Je ne suis pas doué pour les jeux de société et j’ai peu d’imagination. Après quelques tentatives vaines, je bâclai mon devoir. Comme je m’intéressais alors aux descriptions, en prose et en vers, que les anciens Scandinaves ont faites de la fin du monde, je choisis le fameux quatrain 72 de la dixième Centurie, un des rares qui contiennent une date :
L’an mil neuf cens nonante neuf sept mois
Du ciel viendra un grand Roy d’effrayeur…
Et j’en tirai je ne sais plus quelle apocalypse paradoxalement optimiste : les derniers mots du quatrain ne sont-ils pas : « … par bon heur » ? M. Espopondie sourit poliment, mais M. de Momordy me fit remarquer que je m’étais donné bien de la facilité en fabriquant de la mythologie où l’on attendait de l’histoire. Je ne me défendis pas, me sentant éliminé. Nous achevâmes donc l’après-midi en parlant du premier Cahier de Paul Valéry que Champion venait de publier en fac-similé.
La semaine suivante, ce fut le tour de Charles Leslucas, mon jeune camarade de l’École Normale, qui se passionnait alors, sans succès, pour le déchiffrement des écritures de la Crète mycénienne. Il avait naturellement choisi le quatrain 89 de la troisième Centurie, où l’île jumelle, Chypre, est nommée.
En ce temps la sera frustree Cypres
De son secours de ceux de mer Egee :
Vieux trucidez, mais par mesles et lyphres
Seduict leur Roy, Royne plus outragee.
— J’espère vous satisfaire au moins sur le chapitre de l’invraisemblance, dit-il. Chypre est aux mains des Anglais, qui s’apprêtent à y transformer leur tutelle en régime colonial, et je vais la supposer indépendante, nation à part entière… La Grèce vient de se mettre en république, et je vais lui imposer à nouveau une dynastie… Mais voici mon événement.
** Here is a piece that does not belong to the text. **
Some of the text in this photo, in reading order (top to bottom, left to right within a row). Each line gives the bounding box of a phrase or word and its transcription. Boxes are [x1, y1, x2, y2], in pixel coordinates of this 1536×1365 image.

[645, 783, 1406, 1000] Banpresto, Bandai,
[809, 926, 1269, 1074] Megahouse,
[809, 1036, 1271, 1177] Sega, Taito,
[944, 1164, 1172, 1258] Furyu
Chypre est peuplée, comme vous savez, de Grecs et de Turcs qui, jusqu’à présent, s’entendent à peu près. Mais, après l’indépendance que je leur octroie, les Turcs du continent, excitant ceux de l’île, commenceront à revendiquer, bientôt occuperont la partie qui fait face à leurs côtes, et même un peu plus, sans que le gouvernement royal que j’ai rétabli à Athènes, maître pourtant de tous les archipels de la mer Egée, puisse ou ose apporter aux Cypriotes grecs le secours espéré. Il y aura des violences dans l’île, même des meurtres. Dans le royaume, tout au long — et à l’occasion — des tristes développements de cette promiscuité forcée d’un peuple et d’une armée d’invasion, le roi de Grèce — « leur » roi, qui ne peut être que le roi de « ceux de mer Egée » — sera mal conseillé et une reine — la femme ou la mère dudit roi, je vous laisse le choix — deviendra de plus en plus impopulaire. Je ne serais pas surpris si cela conduisait, de proche en proche, à une nouvelle expulsion du roi. Mais je n’introduis pas cette fin dans Nostradamus !
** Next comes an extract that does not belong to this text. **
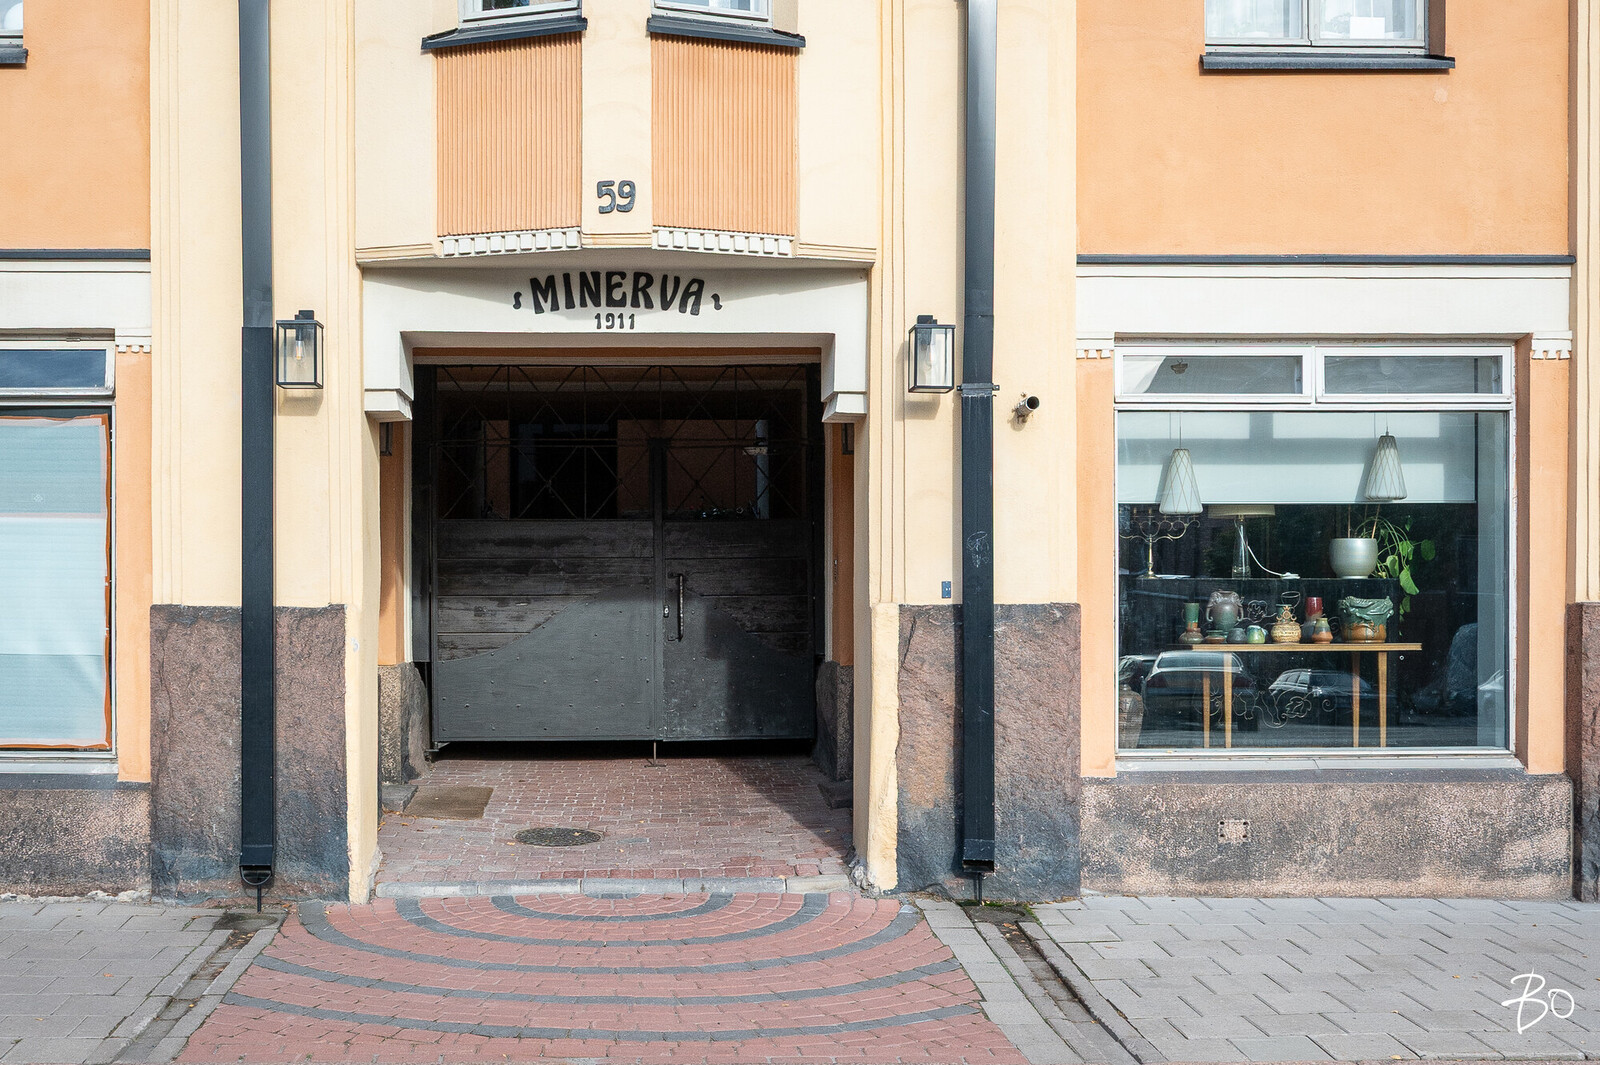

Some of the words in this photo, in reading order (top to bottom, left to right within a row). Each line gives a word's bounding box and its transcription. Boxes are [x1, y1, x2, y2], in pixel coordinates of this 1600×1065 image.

[597, 180, 636, 214] 59
[529, 271, 705, 316] MINERVA
[594, 312, 636, 330] 1911
M. Espopondie sourit encore. M. de Momordy et moi, nous nous avouâmes impressionnés. Nous accordâmes à ce scénario les qualités requises de cohérence et d’invraisemblance, mais nous contestâmes qu’il pût être dit littéral, le texte contenant des mots obscurs, et aussi qu’il fût simple, ayant eu quelque peine à enfiler tant d’incidents sur si peu de mots. M. de Momordy s’en prit d’abord à l’exactitude de la traduction.
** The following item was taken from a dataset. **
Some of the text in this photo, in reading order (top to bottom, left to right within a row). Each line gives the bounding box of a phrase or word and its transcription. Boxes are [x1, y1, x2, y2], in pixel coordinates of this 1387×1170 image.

— La syntaxe de votre interprétation, dit-il, n’est-elle pas arbitraire ? Vous fabriquez quatre phrases où il n’y a qu’un verbe.
— Nostradamus aime ce genre d’ellipse, dit Leslucas. Le verbe de la première phrase, du premier vers, « sera », prolifère sur toute la suite : des vieux seront trucidés, le roi sera séduit, la reine sera outragée.
— Ce n’est pas tout, reprit M. de Momordy. Votre quatrain contient des vocables artificiels, fabriqués par Nostradamus, qui vous donnent trop de liberté. Ainsi quand vous glosez « mesles et lyphres » par « les tristes événements résultant de la promiscuité des occupants et des occupés ».
— Mon ami, répondit M. Leslucas, cette traduction s’impose. « Lyphre », comme l’a bien vu Le Pelletier il y a quatre-vingts ans, est évidemment une forgerie d’helléniste : y en dénonce l’origine et l’inutile h de ph — inutile, puisque la rime est -ipre — « en remet », si vous me permettez cette vulgarité. « Les lyp(h)res » ne peuvent être que le grec ta lypra, « les choses tristes ou attristantes ». Et voyez comme le mot, bien que suggéré par la rime (« Cypres » est exigeante !) est opportun : il établit comme un lien naturel, fatal, une prédestination entre la consonance du nom de Chypre et l’épreuve qui va l’affliger. On pense à cet autre vers, conservé je crois dans une biographie de Sophocle, où Ulysse poursuivi par le sort s’écrie (j’arrange un peu) : « Oui, c’est à juste titre que je m’appelle Odysseus, d’un nom de même racine que celui de la souffrance, odynē. » Ne nous étonnons pas non plus de voir ici francisé un mot grec : grec est l’événement.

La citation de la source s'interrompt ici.